■ Data excerpts ■
+++

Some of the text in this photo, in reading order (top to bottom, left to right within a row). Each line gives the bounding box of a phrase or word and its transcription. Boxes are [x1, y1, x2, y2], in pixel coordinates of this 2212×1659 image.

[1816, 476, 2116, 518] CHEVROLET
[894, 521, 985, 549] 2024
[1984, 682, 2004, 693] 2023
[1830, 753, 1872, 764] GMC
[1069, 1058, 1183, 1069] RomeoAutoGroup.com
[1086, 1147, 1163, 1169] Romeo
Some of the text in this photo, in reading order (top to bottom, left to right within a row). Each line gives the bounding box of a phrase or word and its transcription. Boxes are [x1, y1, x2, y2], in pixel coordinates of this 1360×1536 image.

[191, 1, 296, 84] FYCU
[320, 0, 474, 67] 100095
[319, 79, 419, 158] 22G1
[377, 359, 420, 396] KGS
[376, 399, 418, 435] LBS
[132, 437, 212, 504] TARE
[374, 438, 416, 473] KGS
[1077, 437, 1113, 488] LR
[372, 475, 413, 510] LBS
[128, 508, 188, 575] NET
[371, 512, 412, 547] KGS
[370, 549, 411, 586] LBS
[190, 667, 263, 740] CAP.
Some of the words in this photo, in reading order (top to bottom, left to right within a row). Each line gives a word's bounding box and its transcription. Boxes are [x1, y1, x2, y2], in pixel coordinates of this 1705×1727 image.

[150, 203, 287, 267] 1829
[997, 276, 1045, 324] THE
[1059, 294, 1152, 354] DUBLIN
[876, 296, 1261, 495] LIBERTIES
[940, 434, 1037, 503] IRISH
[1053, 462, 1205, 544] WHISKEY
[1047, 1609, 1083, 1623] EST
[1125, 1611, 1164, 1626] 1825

+++

With nothing left out, transcribe the records above exactly.

■ Solved problem ■
Some of the text in this photo, in reading order (top to bottom, left to right within a row). Each line gives the bounding box of a phrase or word and its transcription. Boxes are [x1, y1, x2, y2], in pixel coordinates of this 2212×1659 image.

[1816, 476, 2116, 518] CHEVROLET
[894, 521, 985, 549] 2024
[1984, 682, 2004, 693] 2023
[1830, 753, 1872, 764] GMC
[1069, 1058, 1183, 1069] RomeoAutoGroup.com
[1086, 1147, 1163, 1169] Romeo
Some of the text in this photo, in reading order (top to bottom, left to right within a row). Each line gives the bounding box of a phrase or word and its transcription. Boxes are [x1, y1, x2, y2], in pixel coordinates of this 1360×1536 image.

[191, 1, 296, 84] FYCU
[320, 0, 474, 67] 100095
[319, 79, 419, 158] 22G1
[377, 359, 420, 396] KGS
[376, 399, 418, 435] LBS
[132, 437, 212, 504] TARE
[374, 438, 416, 473] KGS
[1077, 437, 1113, 488] LR
[372, 475, 413, 510] LBS
[128, 508, 188, 575] NET
[371, 512, 412, 547] KGS
[370, 549, 411, 586] LBS
[190, 667, 263, 740] CAP.
Some of the words in this photo, in reading order (top to bottom, left to right within a row). Each line gives a word's bounding box and its transcription. Boxes are [x1, y1, x2, y2], in pixel coordinates of this 1705×1727 image.

[150, 203, 287, 267] 1829
[997, 276, 1045, 324] THE
[1059, 294, 1152, 354] DUBLIN
[876, 296, 1261, 495] LIBERTIES
[940, 434, 1037, 503] IRISH
[1053, 462, 1205, 544] WHISKEY
[1047, 1609, 1083, 1623] EST
[1125, 1611, 1164, 1626] 1825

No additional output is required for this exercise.